Output every record below exactly as it appears.

[Source data]
________________________

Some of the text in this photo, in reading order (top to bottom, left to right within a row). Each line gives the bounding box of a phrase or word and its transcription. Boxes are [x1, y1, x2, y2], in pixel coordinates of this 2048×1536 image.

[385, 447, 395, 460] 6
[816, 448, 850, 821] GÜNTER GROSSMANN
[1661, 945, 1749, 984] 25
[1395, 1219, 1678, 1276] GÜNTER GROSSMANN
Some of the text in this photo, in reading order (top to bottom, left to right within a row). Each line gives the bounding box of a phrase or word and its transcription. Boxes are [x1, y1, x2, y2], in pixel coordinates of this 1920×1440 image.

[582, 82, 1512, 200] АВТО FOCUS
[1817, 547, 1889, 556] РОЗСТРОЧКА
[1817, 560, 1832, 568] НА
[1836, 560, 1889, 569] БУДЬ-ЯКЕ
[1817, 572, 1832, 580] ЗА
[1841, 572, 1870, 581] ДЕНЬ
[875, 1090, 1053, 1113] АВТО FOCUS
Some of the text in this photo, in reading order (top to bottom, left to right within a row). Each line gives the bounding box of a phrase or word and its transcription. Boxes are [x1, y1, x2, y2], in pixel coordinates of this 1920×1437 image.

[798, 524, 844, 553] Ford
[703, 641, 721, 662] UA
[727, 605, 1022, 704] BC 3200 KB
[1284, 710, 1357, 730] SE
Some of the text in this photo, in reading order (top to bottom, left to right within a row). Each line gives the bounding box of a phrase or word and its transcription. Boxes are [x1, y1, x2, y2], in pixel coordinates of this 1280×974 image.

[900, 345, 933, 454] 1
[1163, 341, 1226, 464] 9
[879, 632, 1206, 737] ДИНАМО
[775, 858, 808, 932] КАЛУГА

________________________

* _RESULT FOR THIS EXERCISE_:
Some of the text in this photo, in reading order (top to bottom, left to right within a row). Each line gives the bounding box of a phrase or word and its transcription. Boxes are [x1, y1, x2, y2], in pixel coordinates of this 2048×1536 image.

[385, 447, 395, 460] 6
[816, 448, 850, 821] GÜNTER GROSSMANN
[1661, 945, 1749, 984] 25
[1395, 1219, 1678, 1276] GÜNTER GROSSMANN
Some of the text in this photo, in reading order (top to bottom, left to right within a row). Each line gives the bounding box of a phrase or word and its transcription. Boxes are [x1, y1, x2, y2], in pixel coordinates of this 1920×1440 image.

[582, 82, 1512, 200] АВТО FOCUS
[1817, 547, 1889, 556] РОЗСТРОЧКА
[1817, 560, 1832, 568] НА
[1836, 560, 1889, 569] БУДЬ-ЯКЕ
[1817, 572, 1832, 580] ЗА
[1841, 572, 1870, 581] ДЕНЬ
[875, 1090, 1053, 1113] АВТО FOCUS
Some of the text in this photo, in reading order (top to bottom, left to right within a row). Each line gives the bounding box of a phrase or word and its transcription. Boxes are [x1, y1, x2, y2], in pixel coordinates of this 1920×1437 image.

[798, 524, 844, 553] Ford
[703, 641, 721, 662] UA
[727, 605, 1022, 704] BC 3200 KB
[1284, 710, 1357, 730] SE
Some of the text in this photo, in reading order (top to bottom, left to right within a row). Each line gives the bounding box of a phrase or word and its transcription. Boxes are [x1, y1, x2, y2], in pixel coordinates of this 1280×974 image.

[900, 345, 933, 454] 1
[1163, 341, 1226, 464] 9
[879, 632, 1206, 737] ДИНАМО
[775, 858, 808, 932] КАЛУГА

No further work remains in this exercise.